If you find yourself feeling “knocked down” more than usual these days, here is a simple practice (adapted from the Search Inside Yourself Leadership Institute) you can use to recover quickly and respond effectively.


STOP

This is the most important step and can also be the most difficult. In my experience, sometimes it can take several hours (or even days) to actually slow down enough to see that I’ve been stuck in my emotional reactivity.


No matter how long it takes, once you recognize that an overwhelming disruptive emotion has been triggered, you can use that self-awareness to intentionally slow down and find a more effective way to relate to what’s happening.


BREATHE

When our body-mind system is “hijacked” by intensely challenging emotions we can lose access to our higher cognitive functioning, including our abilities to regulate our body and emotions, attune and connect empathically with others, and be flexible in our responses.


We can intentionally shift out of “fight or flight” and calm down by engaging the parasympathetic nervous system through taking slow, deep breaths through the nose. After just a few minutes, or even a few breaths, you may notice your body, mind, and emotions begin to relax and feel more spacious, grounded, and clear.


NOTICE

Once you have slowed down the automatic trigger process, you can use your mindfulness practice to be curious about your experience, and become more fully present with “what is” in an intentional and compassionate way.


What sensations, emotions, and thoughts do you notice? Do you feel threatened in some way? Is that threat as real as it seems? What is actually happening right now, both within and around you?


REFLECT

Now that you’re feeling more present and resourced, you can investigate “beneath the surface” to see what automatic or unconscious habits of mind might be driving your current experience.


Are your thoughts and feelings based in the reality of what’s occurring right now? Or are they driven by painful experiences from your past or fears about the unknown future?
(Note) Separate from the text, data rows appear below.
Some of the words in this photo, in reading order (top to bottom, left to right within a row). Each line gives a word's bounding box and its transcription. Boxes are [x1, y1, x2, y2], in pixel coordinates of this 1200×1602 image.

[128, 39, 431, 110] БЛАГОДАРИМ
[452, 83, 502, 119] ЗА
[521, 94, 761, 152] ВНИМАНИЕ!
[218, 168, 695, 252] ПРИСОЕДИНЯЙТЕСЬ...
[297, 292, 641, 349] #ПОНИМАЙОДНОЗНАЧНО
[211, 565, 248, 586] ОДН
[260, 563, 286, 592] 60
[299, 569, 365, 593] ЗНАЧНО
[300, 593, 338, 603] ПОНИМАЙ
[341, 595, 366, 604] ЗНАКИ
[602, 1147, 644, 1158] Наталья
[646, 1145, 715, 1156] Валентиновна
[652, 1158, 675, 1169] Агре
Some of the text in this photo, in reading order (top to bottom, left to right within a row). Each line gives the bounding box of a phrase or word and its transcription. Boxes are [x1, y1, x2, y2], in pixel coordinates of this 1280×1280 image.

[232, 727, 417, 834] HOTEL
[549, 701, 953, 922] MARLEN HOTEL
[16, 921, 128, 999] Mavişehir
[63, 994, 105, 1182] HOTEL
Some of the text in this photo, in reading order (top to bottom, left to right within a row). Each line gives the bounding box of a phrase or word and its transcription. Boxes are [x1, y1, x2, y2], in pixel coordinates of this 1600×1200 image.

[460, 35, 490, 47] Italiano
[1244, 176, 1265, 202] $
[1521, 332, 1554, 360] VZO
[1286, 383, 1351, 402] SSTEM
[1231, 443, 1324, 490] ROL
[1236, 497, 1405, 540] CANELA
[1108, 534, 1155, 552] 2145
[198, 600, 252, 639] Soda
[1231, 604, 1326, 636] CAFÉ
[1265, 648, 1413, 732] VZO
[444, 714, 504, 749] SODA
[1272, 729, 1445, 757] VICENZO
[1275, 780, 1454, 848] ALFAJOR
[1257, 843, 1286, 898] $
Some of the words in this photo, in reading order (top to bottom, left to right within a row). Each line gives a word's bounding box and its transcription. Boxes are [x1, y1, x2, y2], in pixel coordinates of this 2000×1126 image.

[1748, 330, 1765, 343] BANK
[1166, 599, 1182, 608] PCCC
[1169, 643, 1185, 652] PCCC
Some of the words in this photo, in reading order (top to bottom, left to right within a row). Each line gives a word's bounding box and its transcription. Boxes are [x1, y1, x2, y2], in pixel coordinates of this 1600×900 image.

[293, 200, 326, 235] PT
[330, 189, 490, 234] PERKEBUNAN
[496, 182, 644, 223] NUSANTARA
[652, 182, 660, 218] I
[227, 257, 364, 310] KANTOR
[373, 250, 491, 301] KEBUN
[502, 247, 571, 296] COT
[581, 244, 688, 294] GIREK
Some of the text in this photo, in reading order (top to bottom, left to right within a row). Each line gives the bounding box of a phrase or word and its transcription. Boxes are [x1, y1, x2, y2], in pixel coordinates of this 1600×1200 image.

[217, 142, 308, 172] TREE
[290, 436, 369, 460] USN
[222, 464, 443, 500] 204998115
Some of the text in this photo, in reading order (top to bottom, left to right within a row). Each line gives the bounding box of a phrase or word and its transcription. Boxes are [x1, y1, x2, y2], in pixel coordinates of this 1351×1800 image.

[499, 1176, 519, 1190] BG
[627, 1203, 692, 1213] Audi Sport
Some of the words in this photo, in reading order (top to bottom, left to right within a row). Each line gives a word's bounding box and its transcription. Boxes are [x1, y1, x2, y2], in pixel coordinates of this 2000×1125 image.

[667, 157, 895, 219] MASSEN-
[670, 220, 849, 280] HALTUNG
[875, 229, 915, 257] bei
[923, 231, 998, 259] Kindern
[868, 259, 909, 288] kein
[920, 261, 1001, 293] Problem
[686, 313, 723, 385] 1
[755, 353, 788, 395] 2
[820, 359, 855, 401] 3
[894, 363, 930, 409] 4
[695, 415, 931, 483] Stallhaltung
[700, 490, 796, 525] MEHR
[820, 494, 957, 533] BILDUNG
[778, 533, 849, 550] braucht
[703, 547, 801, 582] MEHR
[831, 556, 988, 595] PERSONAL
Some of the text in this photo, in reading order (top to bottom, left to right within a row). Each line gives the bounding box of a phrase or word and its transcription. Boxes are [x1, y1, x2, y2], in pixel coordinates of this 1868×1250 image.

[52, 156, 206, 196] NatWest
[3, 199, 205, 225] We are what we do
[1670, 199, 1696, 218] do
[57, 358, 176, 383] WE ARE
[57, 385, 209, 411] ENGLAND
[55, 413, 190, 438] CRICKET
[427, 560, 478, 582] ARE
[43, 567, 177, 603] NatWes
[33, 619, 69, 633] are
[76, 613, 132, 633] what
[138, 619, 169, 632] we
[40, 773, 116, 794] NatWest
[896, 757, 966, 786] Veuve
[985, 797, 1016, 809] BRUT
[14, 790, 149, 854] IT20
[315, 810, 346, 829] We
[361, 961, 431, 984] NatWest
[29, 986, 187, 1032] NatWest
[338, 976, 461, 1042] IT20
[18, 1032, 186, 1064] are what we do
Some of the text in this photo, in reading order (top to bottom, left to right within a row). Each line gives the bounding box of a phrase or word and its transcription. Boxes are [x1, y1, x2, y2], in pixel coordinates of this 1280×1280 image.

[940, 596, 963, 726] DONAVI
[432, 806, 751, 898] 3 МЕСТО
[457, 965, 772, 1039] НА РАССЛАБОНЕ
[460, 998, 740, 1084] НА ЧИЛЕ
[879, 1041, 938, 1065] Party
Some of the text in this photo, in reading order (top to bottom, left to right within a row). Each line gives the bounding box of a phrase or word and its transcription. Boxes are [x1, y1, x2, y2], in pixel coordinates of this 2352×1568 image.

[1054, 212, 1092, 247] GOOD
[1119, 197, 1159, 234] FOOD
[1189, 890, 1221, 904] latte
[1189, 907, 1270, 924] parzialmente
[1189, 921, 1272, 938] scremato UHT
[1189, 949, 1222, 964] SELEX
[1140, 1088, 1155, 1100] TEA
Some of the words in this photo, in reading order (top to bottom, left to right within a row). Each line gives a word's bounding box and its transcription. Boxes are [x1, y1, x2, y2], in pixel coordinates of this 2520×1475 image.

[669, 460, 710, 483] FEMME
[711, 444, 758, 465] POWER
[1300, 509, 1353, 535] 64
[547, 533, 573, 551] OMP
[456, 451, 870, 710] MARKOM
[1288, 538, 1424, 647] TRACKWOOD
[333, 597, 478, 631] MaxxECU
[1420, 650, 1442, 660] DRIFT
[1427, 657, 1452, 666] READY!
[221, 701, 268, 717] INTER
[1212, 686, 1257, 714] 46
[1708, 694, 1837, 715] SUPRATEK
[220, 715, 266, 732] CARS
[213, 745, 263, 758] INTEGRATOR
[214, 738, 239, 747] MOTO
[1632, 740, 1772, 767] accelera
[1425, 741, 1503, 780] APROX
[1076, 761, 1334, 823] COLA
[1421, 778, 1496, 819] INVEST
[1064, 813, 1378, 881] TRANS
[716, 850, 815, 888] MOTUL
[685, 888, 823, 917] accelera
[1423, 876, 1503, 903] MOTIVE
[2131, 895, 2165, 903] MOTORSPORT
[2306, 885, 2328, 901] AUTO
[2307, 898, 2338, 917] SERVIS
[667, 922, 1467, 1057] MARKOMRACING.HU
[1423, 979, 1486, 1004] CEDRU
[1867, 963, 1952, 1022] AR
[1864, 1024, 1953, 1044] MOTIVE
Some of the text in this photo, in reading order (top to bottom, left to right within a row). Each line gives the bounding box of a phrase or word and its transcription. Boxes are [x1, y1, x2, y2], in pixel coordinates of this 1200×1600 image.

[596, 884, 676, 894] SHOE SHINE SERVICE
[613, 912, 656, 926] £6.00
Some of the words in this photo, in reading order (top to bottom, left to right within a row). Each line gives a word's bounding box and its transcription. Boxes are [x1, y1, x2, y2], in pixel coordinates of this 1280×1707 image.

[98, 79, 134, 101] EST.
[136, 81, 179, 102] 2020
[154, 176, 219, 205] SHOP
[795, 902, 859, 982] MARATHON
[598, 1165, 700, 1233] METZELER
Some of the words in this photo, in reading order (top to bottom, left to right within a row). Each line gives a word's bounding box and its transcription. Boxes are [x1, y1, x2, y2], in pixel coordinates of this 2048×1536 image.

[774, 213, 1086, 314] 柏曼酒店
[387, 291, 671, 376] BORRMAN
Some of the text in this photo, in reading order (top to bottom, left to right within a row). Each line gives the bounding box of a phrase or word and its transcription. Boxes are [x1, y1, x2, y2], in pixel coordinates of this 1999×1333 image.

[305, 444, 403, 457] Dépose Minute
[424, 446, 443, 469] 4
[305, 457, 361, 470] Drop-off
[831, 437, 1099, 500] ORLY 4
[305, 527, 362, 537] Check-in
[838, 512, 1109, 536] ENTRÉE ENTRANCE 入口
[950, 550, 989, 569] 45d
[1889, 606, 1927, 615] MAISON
This is also the time to remember that “where attention goes, energy flows.” For better or worse, what you focus on becomes your reality. If you focus on scarcity, threats, and what is not working, you will probably feel hypervigilant and under-resourced, creating a vicious cycle.


By shifting to a mode of appreciating the resources that are available and building on what is working, you may start to feel more capable and optimistic, enabling you to feel and perform better, which makes whatever real challenges you may be facing more manageable.


Enacting this shift by refocusing your attention from habitual deficit-based thinking to a positive outlook is an essential emotional intelligence skill, and sets the foundation for the last step of our practice.


RESPOND

By now you have already noticed your trigger, slowed down the automatic reactive process, brought mindful awareness to your current experience, and reflected on the deeper aspects of what is occurring.


Now you have solid ground to stand on and you can consciously choose how to respond to the situation. There are always multiple options available to us, and now you are able to see them more clearly and choose more wisely.


What outcome do you seek? What is most important right now? How can you behave with kindness and compassion toward yourself and others?


Concern and Control

Humans are wired to seek a sense of control, and we tend to experience the loss of control as a threat.


But the reality is that much of what concerns us is not within our control: the government’s response to the coronavirus, other people’s decisions to wear a mask or reopen their business, even our own reactive thoughts and feelings. We can really only control one thing: our ability to be aware of and respond to our experience in the present moment.


The “SBNRR” practice above can help you cultivate healthy and empowering habits of mind such as mindfulness, compassion, and positive outlook. With a solid foundation of trust in your ability to skillfully adapt and respond, you can learn to appreciate the inevitable uncertainty of life, even in the midst of a pandemic.